2.5.2 Surface topography
The modified platinum wafers once produced were sputtered with gold using an Agar auto sputter coater (Agar Scientific Ltd, UK). In addition, the fresh modified platinum wafers were soaked in DI water of 22°C or 42°C for 3 h, then dried in a vacuum oven with the controlled temperature of 22°C or 42°C, and also covered with a thin layer of gold. The surface morphology of the specimens was observed using the scanning electron microscopy (SEM) with the Quanta 400 FEG instrument (FEI, USA) under standard vacuum conditions at an acceleration voltage of 10 kV.
3 Results and discussion
3.1 Synthesis of PNTHV copolymers
In this study, PNTHV copolymers were synthesized by free radical polymerization with NIPAAm, HPM, TMSPM, and NVP under the moderate reaction conditions (60°C, ordinary pressure). NIPAAm was applied as a main monomer, and amide linkages and isopropyl bonds located in the copolymer chains were functional groups that facilitated final products with thermosensitivity. TMSPM was a silane crosslinker that was stable during polymerization but was activated at forming covalent bonds with any materials bearing hydroxyl groups under high temperature or irradiation environments (19). HPM could provide useful hydroxyl groups for the bonding between molecular chains of copolymers (17). Both siloxane bonds of TMSPM and hydroxyl groups of HPM were employed as reactive groups of the copolymers. Free methanol was extracted on account of condensation reaction between hydroxyl and methoxyl groups, and the newly formed bonds gave rise to the integration within the film and coupling with the hydroxyl-contained surface. Although HPM was available for adjusting film hydrophilicity (20), the higher hydrophobicity of TMSPM led to the LCST of the copolymers bearing NIPAAm, HPM and TMSPM reaching 25°C (see Figure 4). Therefore NVP, a typical hydrophilic monomer, was introduced into the polynary copolymers to increase the LCST of the resultant copolymers. For the design constraint of LCST of PNTHV copolymers, the manually adjustable ratios of NIPAAm and NVP, and the fixed ratio (5%) of TMSPM/HPM to NIPAAm was applied in this study. The chemical structure of PNTHV copolymer and its bonding with the substrate and other copolymers were schematically displayed in Figure 1.

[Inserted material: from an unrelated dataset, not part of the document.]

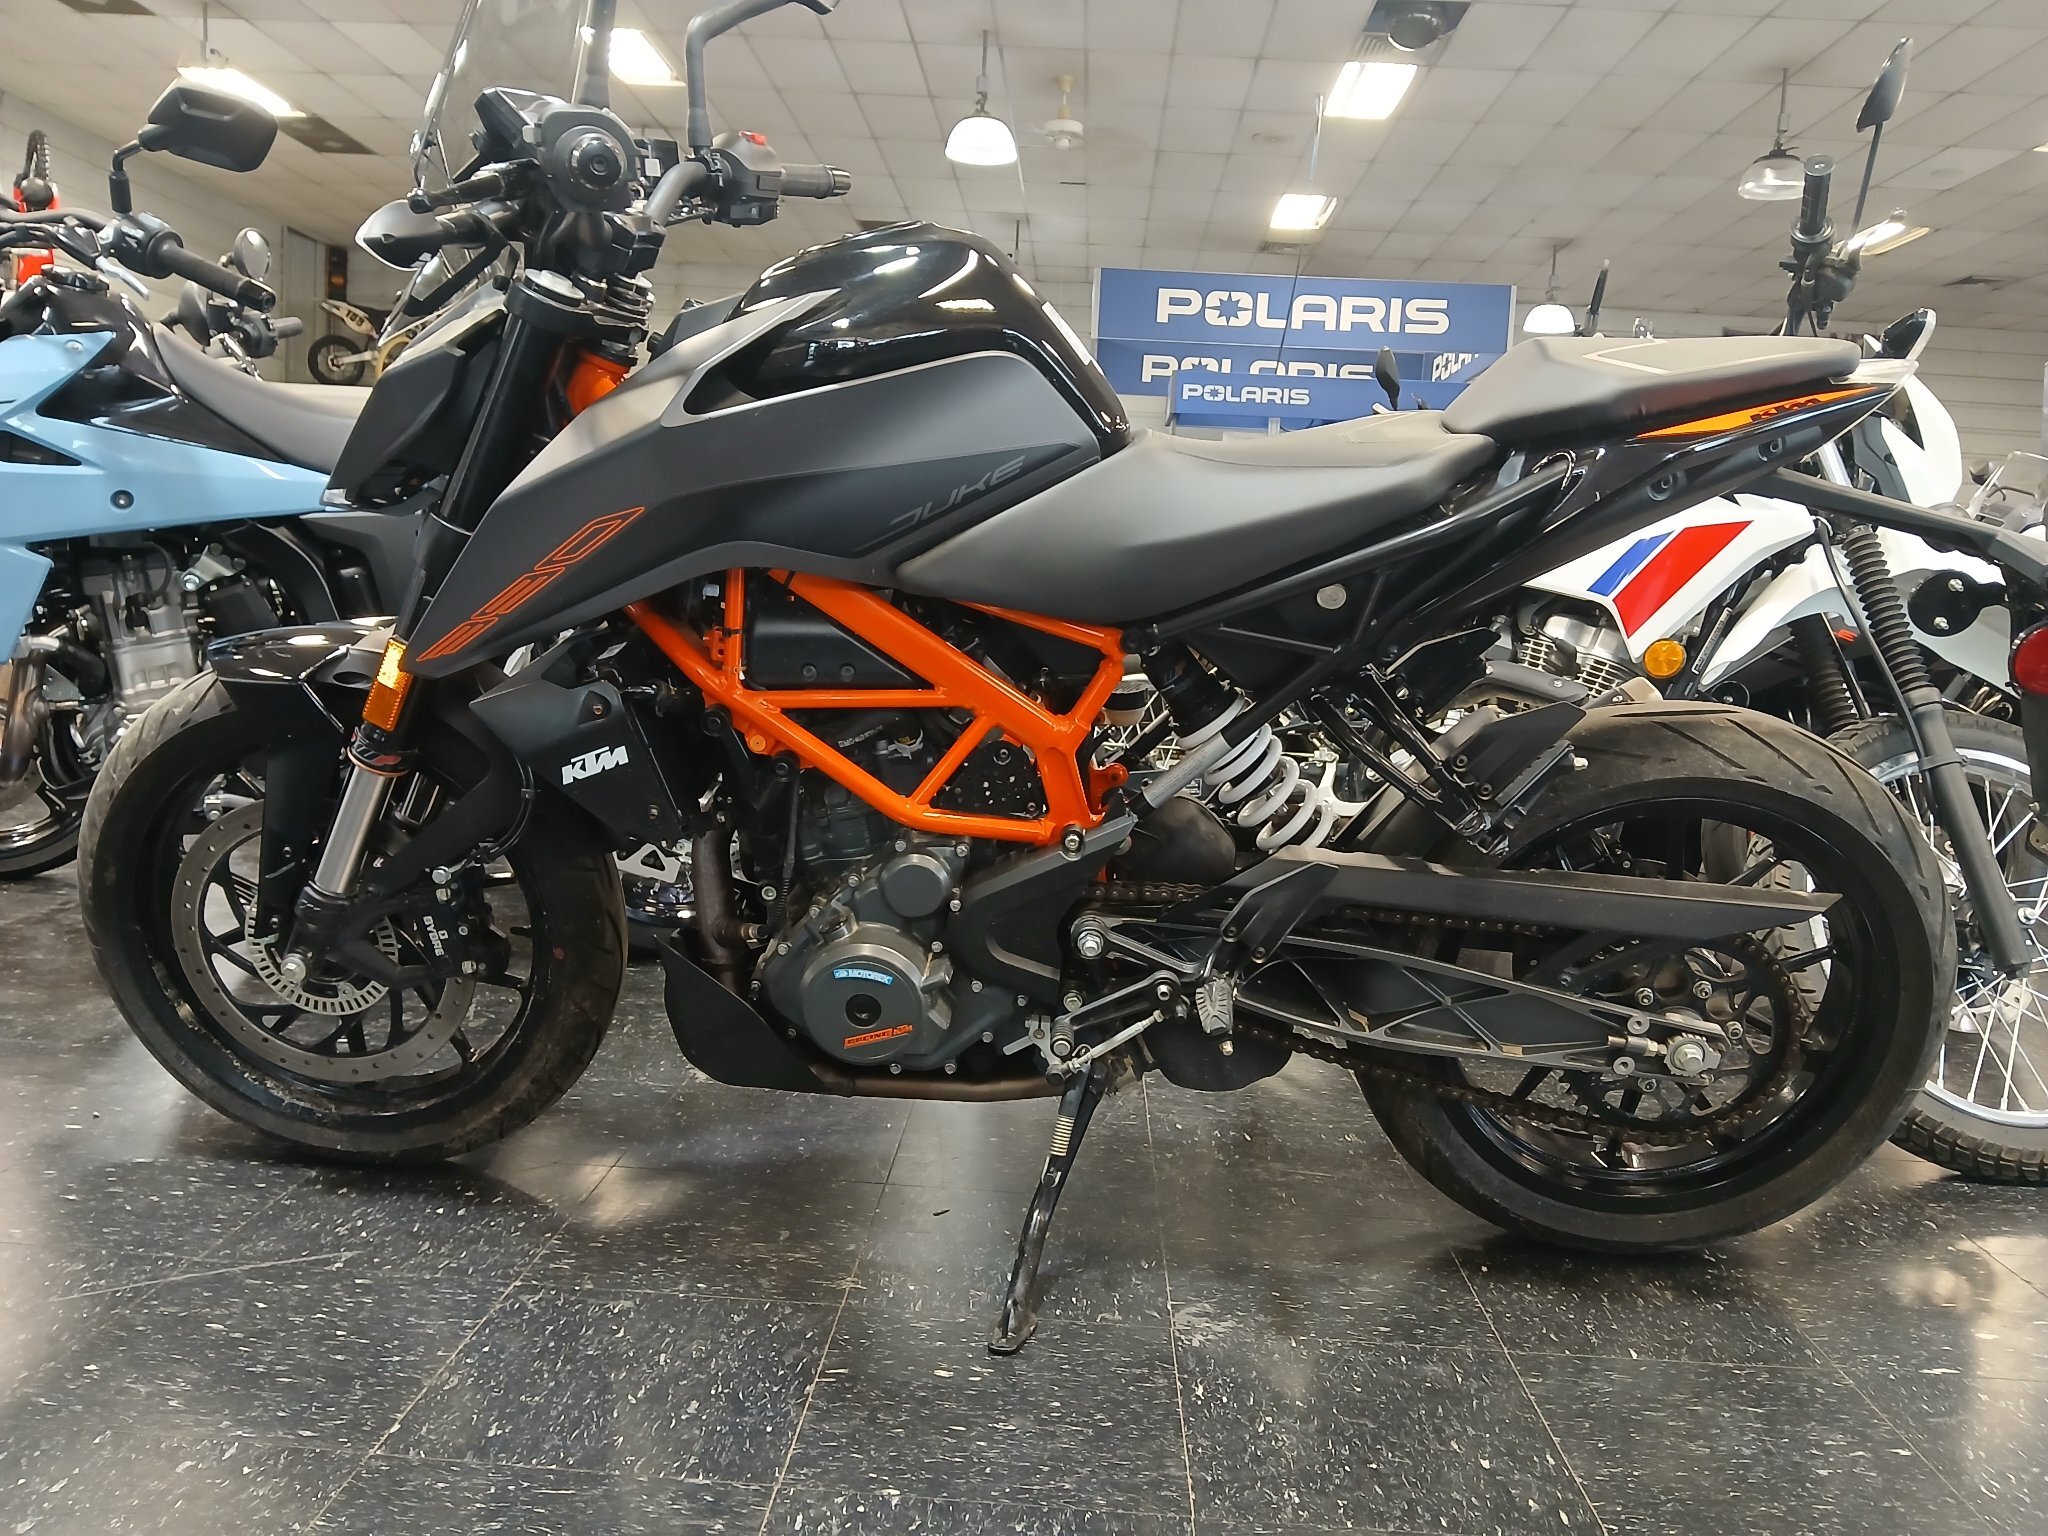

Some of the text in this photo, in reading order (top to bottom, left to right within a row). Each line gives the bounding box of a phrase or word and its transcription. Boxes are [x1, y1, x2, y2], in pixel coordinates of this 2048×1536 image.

Schematic diagram for molecular structure of PNTHV copolymer and three possible types of methanol removal when annealed.
3.2 Identification of PNTHV copolymers
3.2.1 Functional groups of PNTHV copolymers
The successful synthesis of PNTHV copolymers was first illustrated by the ATR-FTIR analysis with the spectra shown in Figure 2. PNTHV copolymers were characterized by the doublet absorption peaks of isopropyl groups at 1,385 and 1,365 cm−1 and the absorption peaks of amide II at 1,533 cm−1. The mixed strong absorption peaks at 1,649 cm−1 belonged to amide I band of PNTHV copolymers and C–O stretching vibration of NVP, and the absorption peaks at 1,423 and 1,286 cm−1 manifested the characteristic stretching of C–N and bending of C–N within NVP. Having compared the characteristic peaks of the copolymers with the selected feeding ratios to those of both homopolymers (11,21), it is shown that there exist both the absorption peaks of PNIPAAm and PVP. The strong broad absorption peaks at 3,298 cm−1 could be attributed to hydroxyl groups in HPM. Furthermore, the absorption peaks at 2,873 and 1,082 cm−1 confirmed the successful incorporation of the siloxane groups. Also, the absorption peaks at 1,722, 1,269, and 1,170 cm−1 were assigned to ester groups arising from HPM and TMSPM. Similar findings have been reported in our previous reports (17,18). Hence, it can be confirmed that all the four reactants existed in PNTHV copolymers. Due to the difference of feeding ratios, the typical characteristic absorption peaks of different PNTHV copolymers showed a movement of 1–3 cm−1. With the increase of the NVP content, the peak areas of relevant characteristic absorption peaks increased correspondingly.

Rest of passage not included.